THE TASK » At the line that includes "this 1400×1050 image.", begin writing out the entries below exactly, and continue through the last line without adding anything.

(Collected data)
########

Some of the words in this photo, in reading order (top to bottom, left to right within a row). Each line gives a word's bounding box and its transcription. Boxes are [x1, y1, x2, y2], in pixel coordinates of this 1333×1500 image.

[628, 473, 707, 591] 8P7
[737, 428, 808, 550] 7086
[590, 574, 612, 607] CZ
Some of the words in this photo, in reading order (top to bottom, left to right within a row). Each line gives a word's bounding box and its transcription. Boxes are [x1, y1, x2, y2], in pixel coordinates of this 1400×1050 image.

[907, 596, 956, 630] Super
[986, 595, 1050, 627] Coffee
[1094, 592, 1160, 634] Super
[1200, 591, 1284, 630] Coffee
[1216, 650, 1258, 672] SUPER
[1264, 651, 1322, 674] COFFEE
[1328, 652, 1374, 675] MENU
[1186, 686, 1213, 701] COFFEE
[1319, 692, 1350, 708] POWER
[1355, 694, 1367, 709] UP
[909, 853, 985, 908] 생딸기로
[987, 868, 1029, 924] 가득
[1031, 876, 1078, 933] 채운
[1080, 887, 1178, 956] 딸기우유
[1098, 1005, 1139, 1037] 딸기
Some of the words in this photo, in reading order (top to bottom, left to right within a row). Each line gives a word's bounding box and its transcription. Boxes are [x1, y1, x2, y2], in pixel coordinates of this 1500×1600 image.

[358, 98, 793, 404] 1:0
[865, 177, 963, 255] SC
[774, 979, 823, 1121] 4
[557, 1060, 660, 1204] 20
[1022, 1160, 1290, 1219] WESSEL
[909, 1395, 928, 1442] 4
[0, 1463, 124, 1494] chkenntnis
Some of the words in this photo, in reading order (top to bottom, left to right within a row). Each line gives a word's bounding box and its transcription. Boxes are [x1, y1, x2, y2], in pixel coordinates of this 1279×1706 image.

########

EXERCISE SOLUTION »
Some of the words in this photo, in reading order (top to bottom, left to right within a row). Each line gives a word's bounding box and its transcription. Boxes are [x1, y1, x2, y2], in pixel coordinates of this 1400×1050 image.

[907, 596, 956, 630] Super
[986, 595, 1050, 627] Coffee
[1094, 592, 1160, 634] Super
[1200, 591, 1284, 630] Coffee
[1216, 650, 1258, 672] SUPER
[1264, 651, 1322, 674] COFFEE
[1328, 652, 1374, 675] MENU
[1186, 686, 1213, 701] COFFEE
[1319, 692, 1350, 708] POWER
[1355, 694, 1367, 709] UP
[909, 853, 985, 908] 생딸기로
[987, 868, 1029, 924] 가득
[1031, 876, 1078, 933] 채운
[1080, 887, 1178, 956] 딸기우유
[1098, 1005, 1139, 1037] 딸기
Some of the words in this photo, in reading order (top to bottom, left to right within a row). Each line gives a word's bounding box and its transcription. Boxes are [x1, y1, x2, y2], in pixel coordinates of this 1500×1600 image.

[358, 98, 793, 404] 1:0
[865, 177, 963, 255] SC
[774, 979, 823, 1121] 4
[557, 1060, 660, 1204] 20
[1022, 1160, 1290, 1219] WESSEL
[909, 1395, 928, 1442] 4
[0, 1463, 124, 1494] chkenntnis
Some of the words in this photo, in reading order (top to bottom, left to right within a row). Each line gives a word's bounding box and its transcription. Boxes are [x1, y1, x2, y2], in pixel coordinates of this 1279×1706 image.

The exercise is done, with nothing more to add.